Menghimpun kembali kekuatan rakyat yang telah dihancurkan Belanda sebelumnya, agar rakyat Indonesia dapat membantu Jepang di perang Asia Pasifik atau Perang Dunia II.
Membujuk kaum nasionalis dan intelektual agar menyumbangkan tenaga dan pikirannya kepada pemerintah Jepang.
Walaupun tujuan awal Jepang mendirikan organisasi Putera adalah untuk menarik simpati masyarakat Indonesia, namun Putera justru digunakan untuk memelihara perjuangan bagi kemerdekaan Indonesia oleh para pemimpin Indonesia. Organisasi Putera hanya dijadikan sebagai kedok agar aktivitas kaum nasionalis Indonesia tidak dikekang oleh Jepang.

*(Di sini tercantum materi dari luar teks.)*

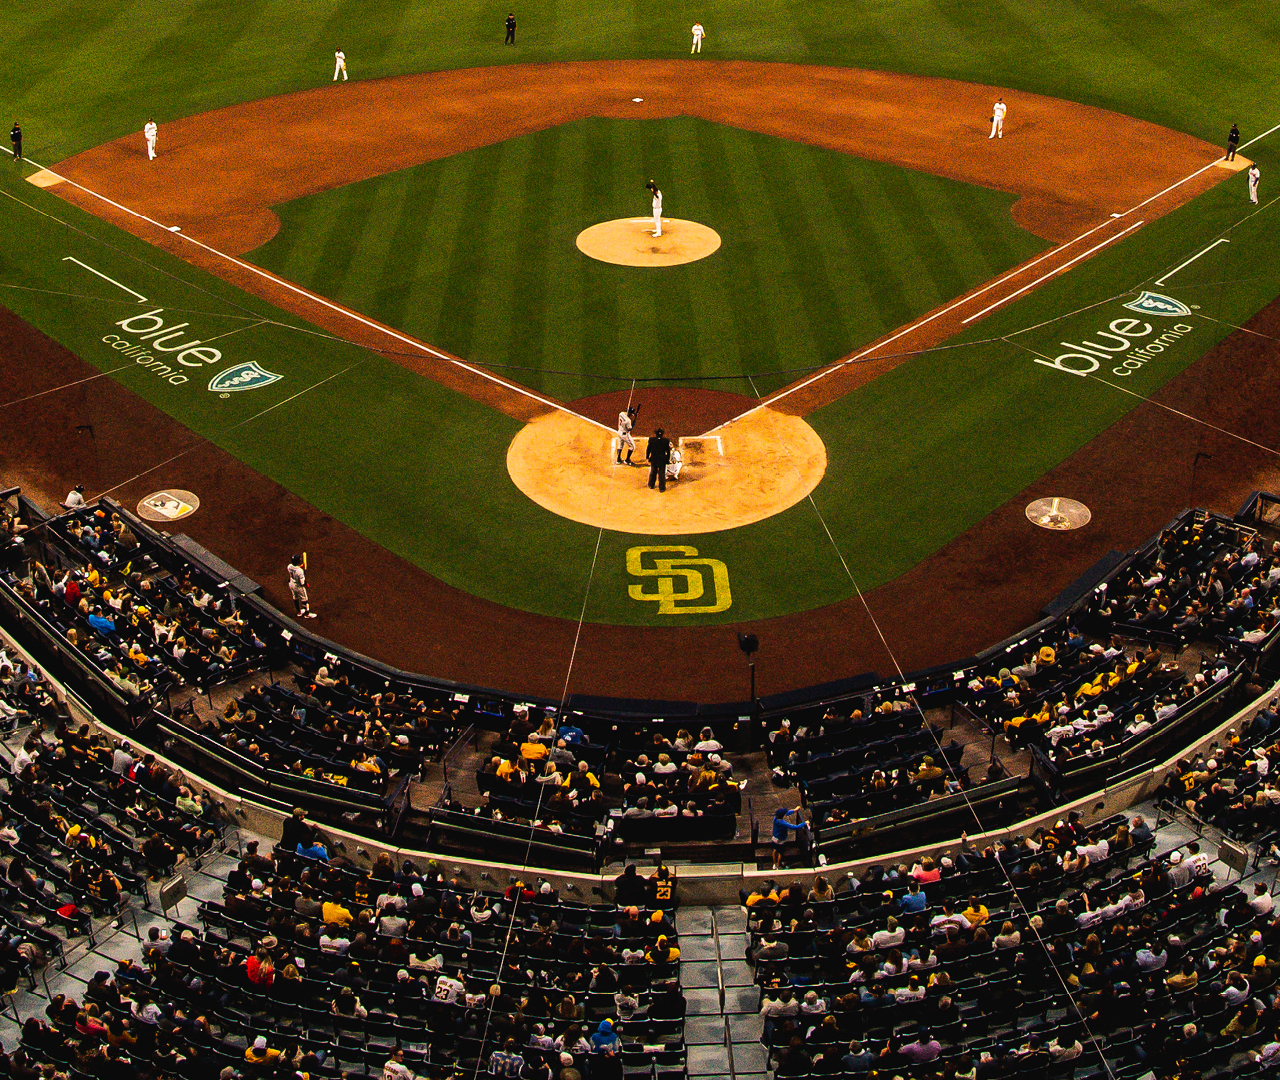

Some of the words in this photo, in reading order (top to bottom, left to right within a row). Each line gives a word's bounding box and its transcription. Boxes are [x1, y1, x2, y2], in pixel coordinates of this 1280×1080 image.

[102, 330, 191, 386] california
[115, 308, 222, 370] blue
[1033, 316, 1153, 377] blue
[1112, 322, 1194, 378] california
[626, 546, 732, 614] SD
[656, 888, 671, 900] 23
[435, 986, 450, 1000] 23
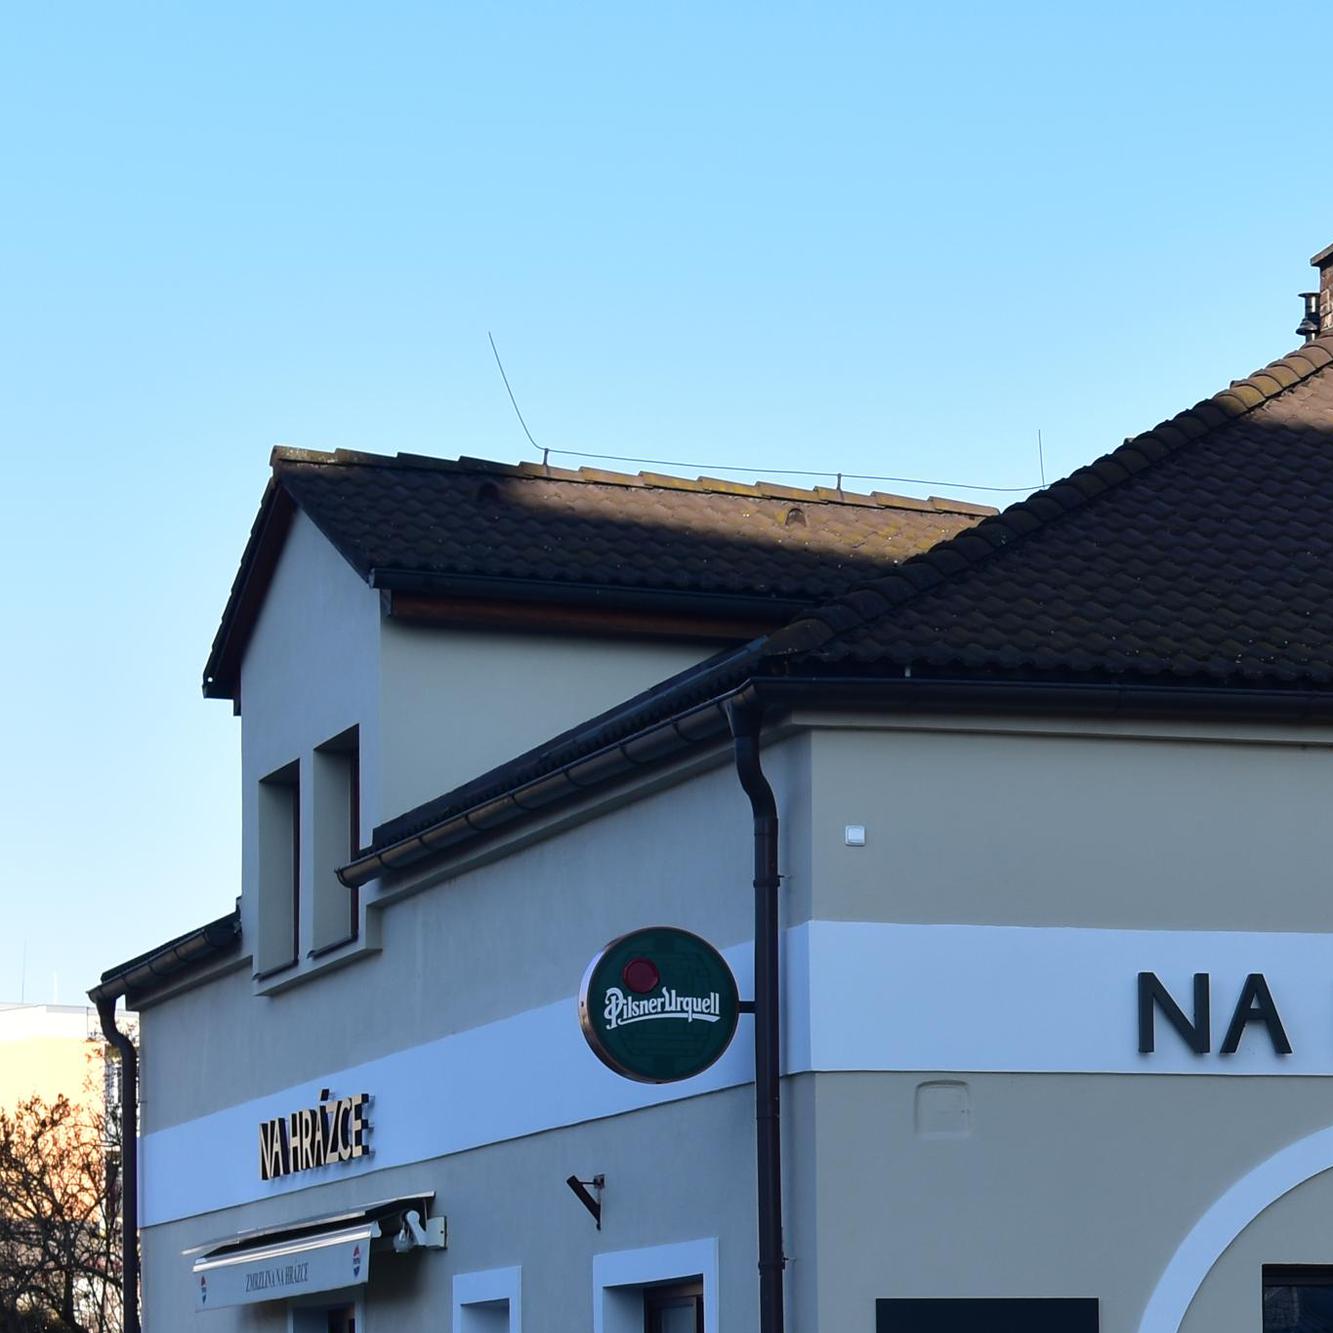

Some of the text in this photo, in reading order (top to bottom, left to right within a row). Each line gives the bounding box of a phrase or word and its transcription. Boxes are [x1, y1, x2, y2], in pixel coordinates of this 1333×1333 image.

[603, 986, 720, 1030] Pilsner Urquell
[1137, 971, 1293, 1055] NA
[260, 1088, 369, 1180] NA HRÁZCE
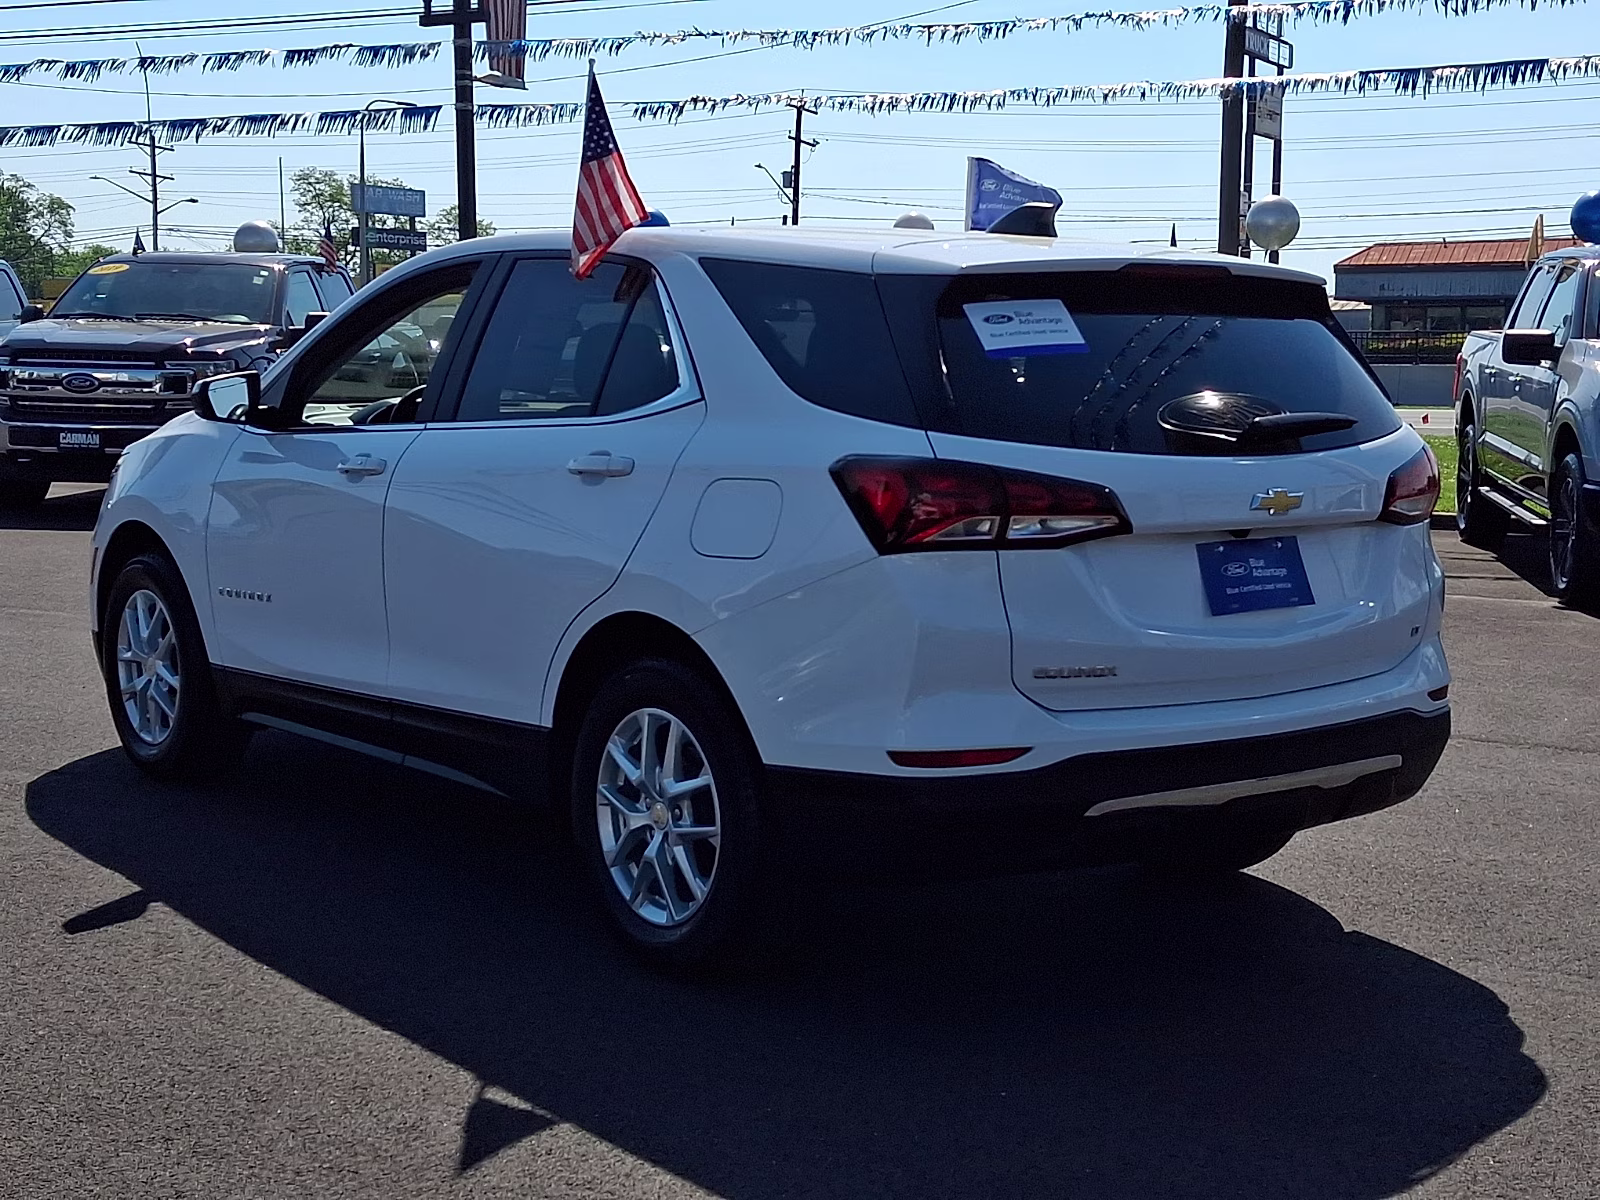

Melihat perkembangan Putera yang memberikan banyak dampak terhadap semangat kebangsaan pemuda Indonesia, maka Jepang kemudian membubarkan organisasi ini pada tahun 1944. Tujuan Jepang membentuk putera adalah menggerakkan tenaga rakyat untuk membantu Jepang dalam aksi militernya. Semoga informasi di atas bermanfaat! (CHL)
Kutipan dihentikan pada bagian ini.